Would you please set down the data again exactly as given, excluding the pictures?

>>>>

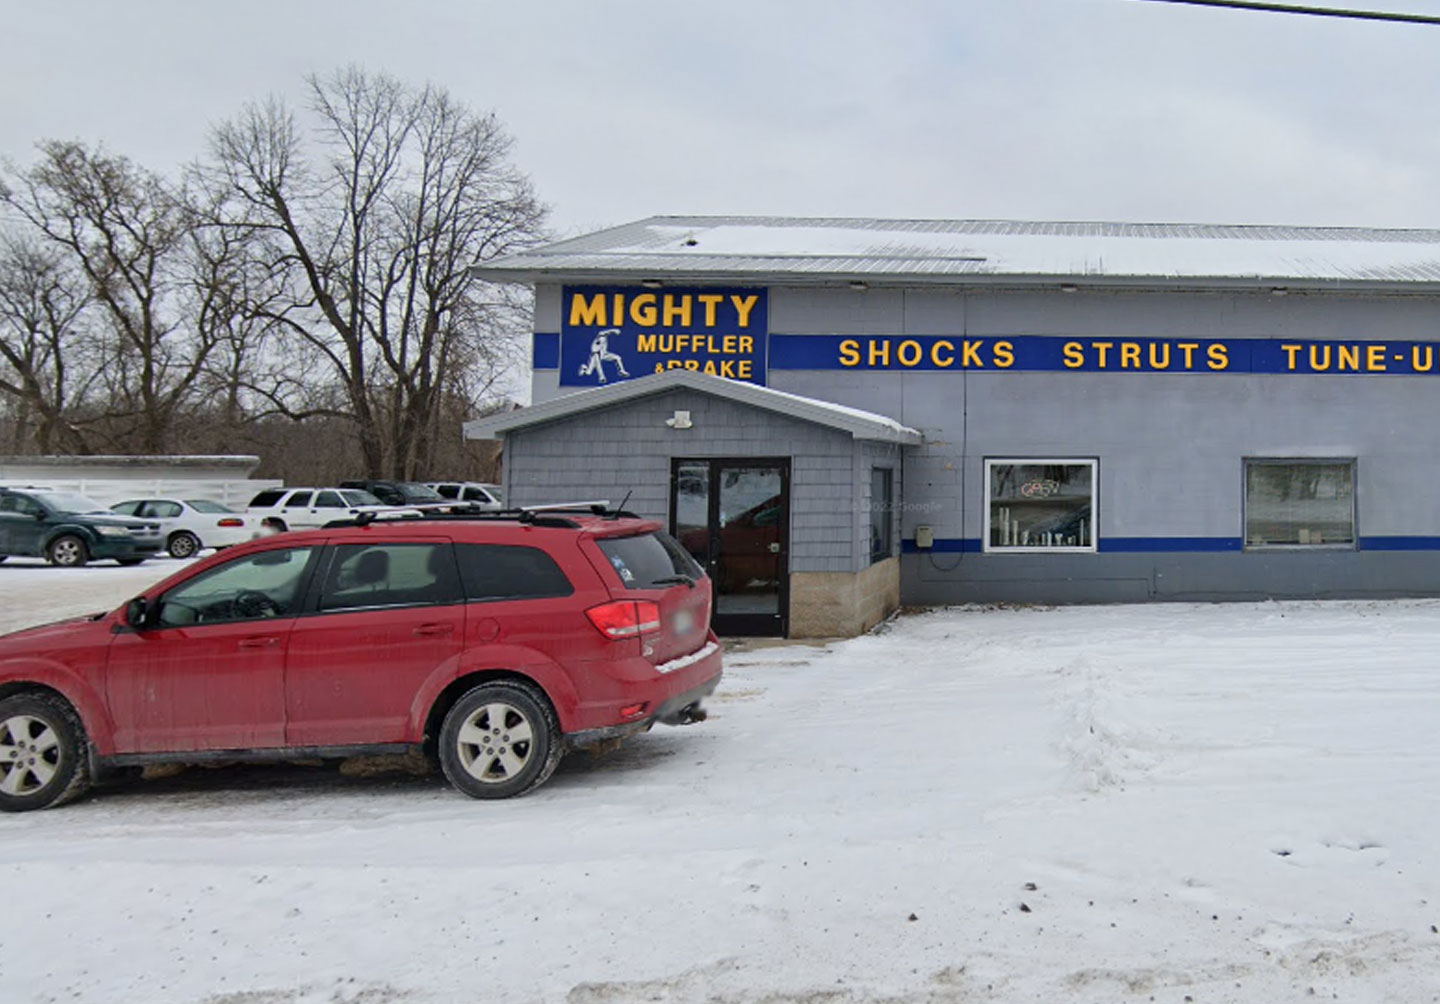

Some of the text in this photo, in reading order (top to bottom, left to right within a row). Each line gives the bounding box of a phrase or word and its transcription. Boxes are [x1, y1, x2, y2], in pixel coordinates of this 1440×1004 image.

[569, 293, 759, 327] MIGHTY
[636, 334, 754, 354] MUFFLER
[838, 339, 1016, 368] SHOCKS
[1062, 341, 1230, 371] STRUTS

<<<<

Task response:
Some of the text in this photo, in reading order (top to bottom, left to right within a row). Each line gives the bounding box of a phrase or word and its transcription. Boxes are [x1, y1, x2, y2], in pixel coordinates of this 1440×1004 image.

[569, 293, 759, 327] MIGHTY
[636, 334, 754, 354] MUFFLER
[838, 339, 1016, 368] SHOCKS
[1062, 341, 1230, 371] STRUTS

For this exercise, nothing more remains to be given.